MklComponentsCatalog.SymbolicSgdLogisticRegression Método
Definição
Importante
Algumas informações se referem a produtos de pré-lançamento que podem ser substancialmente modificados antes do lançamento. A Microsoft não oferece garantias, expressas ou implícitas, das informações aqui fornecidas.
Sobrecargas
SymbolicSgdLogisticRegression(BinaryClassificationCatalog+BinaryClassificationTrainers, SymbolicSgdLogisticRegressionBinaryTrainer+Options) |
Crie SymbolicSgdLogisticRegressionBinaryTrainer com opções avançadas, que prevê um destino usando um modelo de classificação binária linear treinado em dados de rótulo booliano. SGD (descendente de gradiente estocástico) é um algoritmo iterativo que otimiza uma função de objetivo diferencial. O SymbolicSgdLogisticRegressionBinaryTrainer SGD paraleliza usando a execução simbólica. |
SymbolicSgdLogisticRegression(BinaryClassificationCatalog+BinaryClassificationTrainers, String, String, Int32) |
Criar SymbolicSgdLogisticRegressionBinaryTrainer, que prevê um destino usando um modelo de classificação binária linear treinado em dados de rótulo booliano. SGD (descendente de gradiente estocástico) é um algoritmo iterativo que otimiza uma função de objetivo diferencial. O SymbolicSgdLogisticRegressionBinaryTrainer SGD paraleliza usando a execução simbólica. |
SymbolicSgdLogisticRegression(BinaryClassificationCatalog+BinaryClassificationTrainers, SymbolicSgdLogisticRegressionBinaryTrainer+Options)

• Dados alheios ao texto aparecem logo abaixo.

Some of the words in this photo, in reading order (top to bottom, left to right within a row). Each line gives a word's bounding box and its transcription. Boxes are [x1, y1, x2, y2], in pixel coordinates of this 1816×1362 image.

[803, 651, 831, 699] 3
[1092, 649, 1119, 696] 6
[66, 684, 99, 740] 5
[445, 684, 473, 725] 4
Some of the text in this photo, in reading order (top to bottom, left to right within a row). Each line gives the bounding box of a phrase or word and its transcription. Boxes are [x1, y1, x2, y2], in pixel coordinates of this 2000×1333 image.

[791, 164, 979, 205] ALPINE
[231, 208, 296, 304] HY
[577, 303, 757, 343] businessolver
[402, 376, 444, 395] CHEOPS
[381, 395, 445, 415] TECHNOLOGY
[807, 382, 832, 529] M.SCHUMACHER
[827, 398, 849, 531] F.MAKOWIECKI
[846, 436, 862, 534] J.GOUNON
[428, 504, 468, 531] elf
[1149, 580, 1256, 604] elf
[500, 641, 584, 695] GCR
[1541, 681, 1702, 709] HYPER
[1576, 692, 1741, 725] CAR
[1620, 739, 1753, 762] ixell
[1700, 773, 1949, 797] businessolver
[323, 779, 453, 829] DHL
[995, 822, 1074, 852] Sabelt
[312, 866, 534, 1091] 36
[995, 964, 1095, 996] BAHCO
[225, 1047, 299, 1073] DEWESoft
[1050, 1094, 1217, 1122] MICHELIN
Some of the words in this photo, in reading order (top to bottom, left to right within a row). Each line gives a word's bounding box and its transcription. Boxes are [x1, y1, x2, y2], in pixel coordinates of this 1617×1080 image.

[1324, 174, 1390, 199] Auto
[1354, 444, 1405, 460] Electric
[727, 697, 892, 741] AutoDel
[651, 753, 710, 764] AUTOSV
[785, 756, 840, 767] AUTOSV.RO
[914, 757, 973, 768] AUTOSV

Crie SymbolicSgdLogisticRegressionBinaryTrainer com opções avançadas, que prevê um destino usando um modelo de classificação binária linear treinado em dados de rótulo booliano. SGD (descendente de gradiente estocástico) é um algoritmo iterativo que otimiza uma função de objetivo diferencial. O SymbolicSgdLogisticRegressionBinaryTrainer SGD paraleliza usando a execução simbólica.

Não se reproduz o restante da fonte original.